本文采用的英格恩产品: RNA-Entranster-invivo
Sufu limits sepsis-induced lung inflammation via regulating phase separation of TRAF6
Affiliations
- 1 College of Life Sciences, Northwest Normal University, Lanzhou, Gansu 730070, P. R. China.
- 2 State Key Laboratory of Cell Biology, Shanghai Institute of Biochemistry and Cell Biology, Center for Excellence in Molecular Cell Science, Chinese Academy of Sciences, Shanghai 200031, P. R. China.
- 3 University of Chinese Academy of Sciences, Beijing 100049, P. R. China.

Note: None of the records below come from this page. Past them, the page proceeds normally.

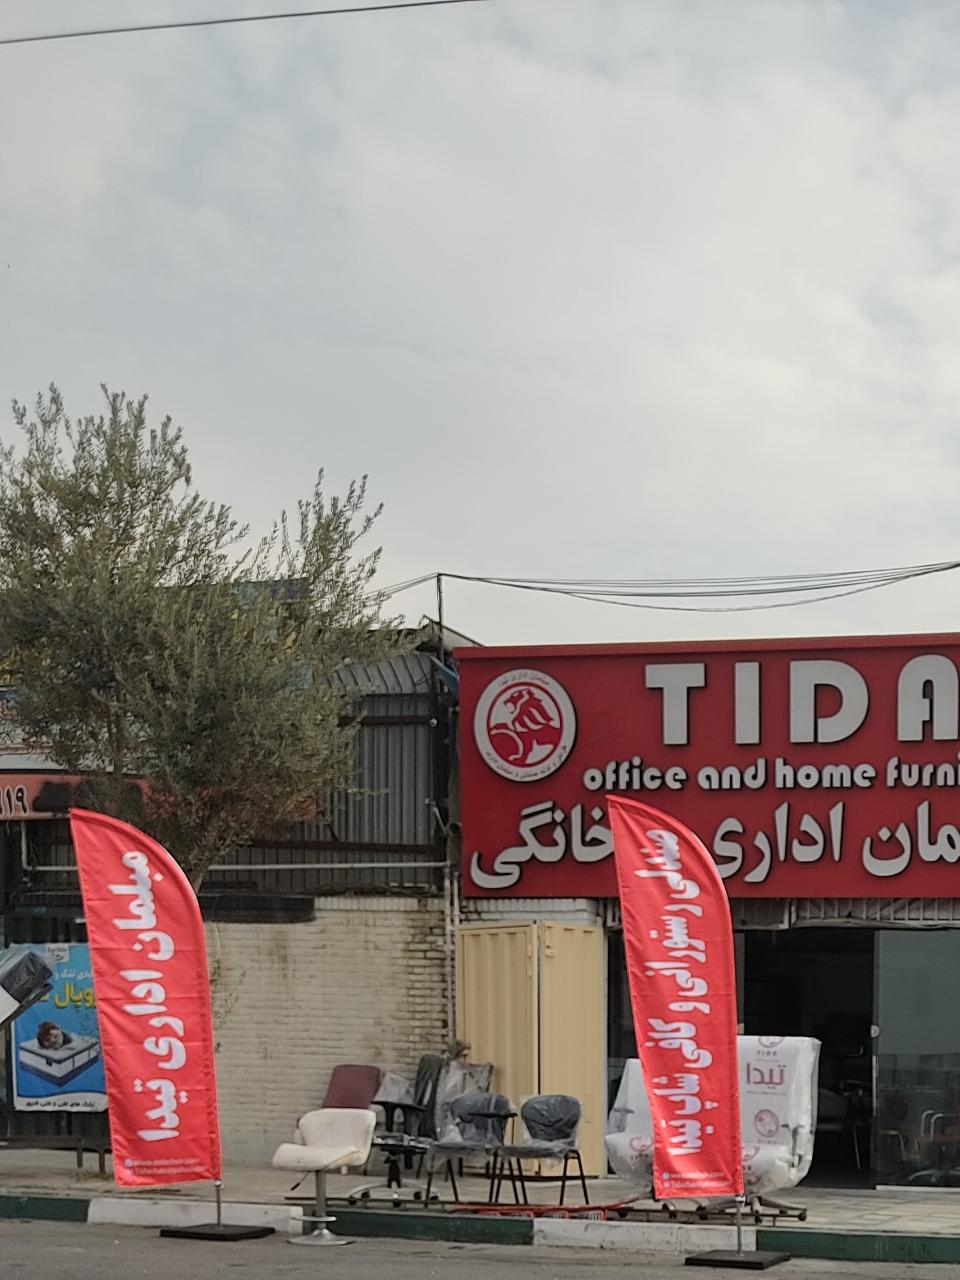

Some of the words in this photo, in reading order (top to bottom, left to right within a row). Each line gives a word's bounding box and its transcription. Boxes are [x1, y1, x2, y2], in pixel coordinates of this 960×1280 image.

[645, 653, 960, 746] TIDA
[583, 755, 688, 791] office
[697, 756, 767, 790] and
[775, 756, 876, 789] home
[470, 801, 613, 890] خانگی
[634, 828, 701, 899] صندلی
[715, 801, 844, 883] اداری
[108, 849, 174, 961] مبلمان
[645, 903, 708, 998] رستورانی
[119, 969, 187, 1070] اداری
[668, 1001, 711, 1014] و
[645, 1017, 713, 1069] کافی
[746, 1062, 787, 1090] تیدا
[134, 1077, 189, 1142] تیدا
[653, 1073, 719, 1116] شاپ
[661, 1118, 714, 1156] تیدا

- 4 Center for Clinical Research and Translational Medicine, Yangpu Hospital, Tongji University School of Medicine, Shanghai 200090, P. R. China.
- 5 State Key Laboratory of Genetic Engineering, School of Life Sciences, Zhongshan Hospital, Fudan University, Shanghai 200438, P. R. China.
- 6 Department of Medical Ultrasound, Tongji University Cancer Center, Shanghai Tenth People’s Hospital, Shanghai 200072, P. R. China.
- 7 School of Life Science and Technology, ShanghaiTech University, Shanghai 201210, P. R. China.
- 8 Key Laboratory of Systems Health Science of Zhejiang Province, School of Life Science, Hangzhou Institute for Advanced Study, University of Chinese Academy of Sciences, Hangzhou 310024, P. R. China.
- PMID: 37441604
- PMCID: PMC10334838
- DOI: 10.7150/thno.83676
Free PMC article
Abstract
Rationale: Sepsis is a potentially life-threatening condition caused by the body’s response to a severe infection. Although the identification of multiple pathways involved in inflammation, tissue damage and aberrant healing during sepsis, there remain unmet needs for the development of new therapeutic strategies essential to prevent the reoccurrence of infection and organ injuries. Methods: Expression of Suppressor of Fused (Sufu) was evaluated by qRT-PCR, western blotting, and immunofluorescence in murine lung and peritoneal macrophages. The significance of Sufu expression in prognosis was assessed by Kaplan-Meier survival analysis. The GFP-TRAF6-expressing stable cell line (GFP-TRAF6 Blue cells) were constructed to evaluate phase separation of TRAF6. Phase separation of TRAF6 and the roles of Sufu in repressing TRAF6 droplet aggregation were analyzed by co-immunoprecipitation, immunofluorescence, Native-PAGE, FRAP and in vitro assays using purified proteins. The effects of Sufu on sepsis-induced lung inflammation were evaluated by cell function assays, LPS-induced septic shock model and polymicrobial sepsis-CLP mice model. Results: We found that Sufu expression is reduced in early response to lipopolysaccharide (LPS)-induced acute inflammation in murine lung and peritoneal macrophages. Deletion of Sufu aggravated LPS-induced and CLP (cecal ligation puncture)-induced lung injury and lethality in mice, and augmented LPS-induced proinflammatory gene expression in cultured macrophages. In addition, we identified the role of Sufu as a negative regulator of the Toll-Like Receptor (TLR)-triggered inflammatory response. We further demonstrated that Sufu directly interacts with TRAF6, thereby preventing oligomerization and autoubiquitination of TRAF6. Importantly, TRAF6 underwent phase separation during LPS-induced inflammation, which is essential for subsequent ubiquitination activation and NF-κB activity. Sufu inhibits the phase-separated TRAF6 droplet formation, preventing NF-κB activation upon LPS stimulation. In a septic shock model, TRAF6 depletion rescued the augmented inflammatory phenotype in mice with myeloid cell-specific deletion of Sufu. Conclusions: These findings implicated Sufu as an important inhibitor of TRAF6 in sepsis and suggest that therapeutics targeting Sufu-TRAF6 may greatly benefit the treatment of sepsis.
Keywords: Phase separation; Sepsis; Sufu; TRAF6; inflammatory response.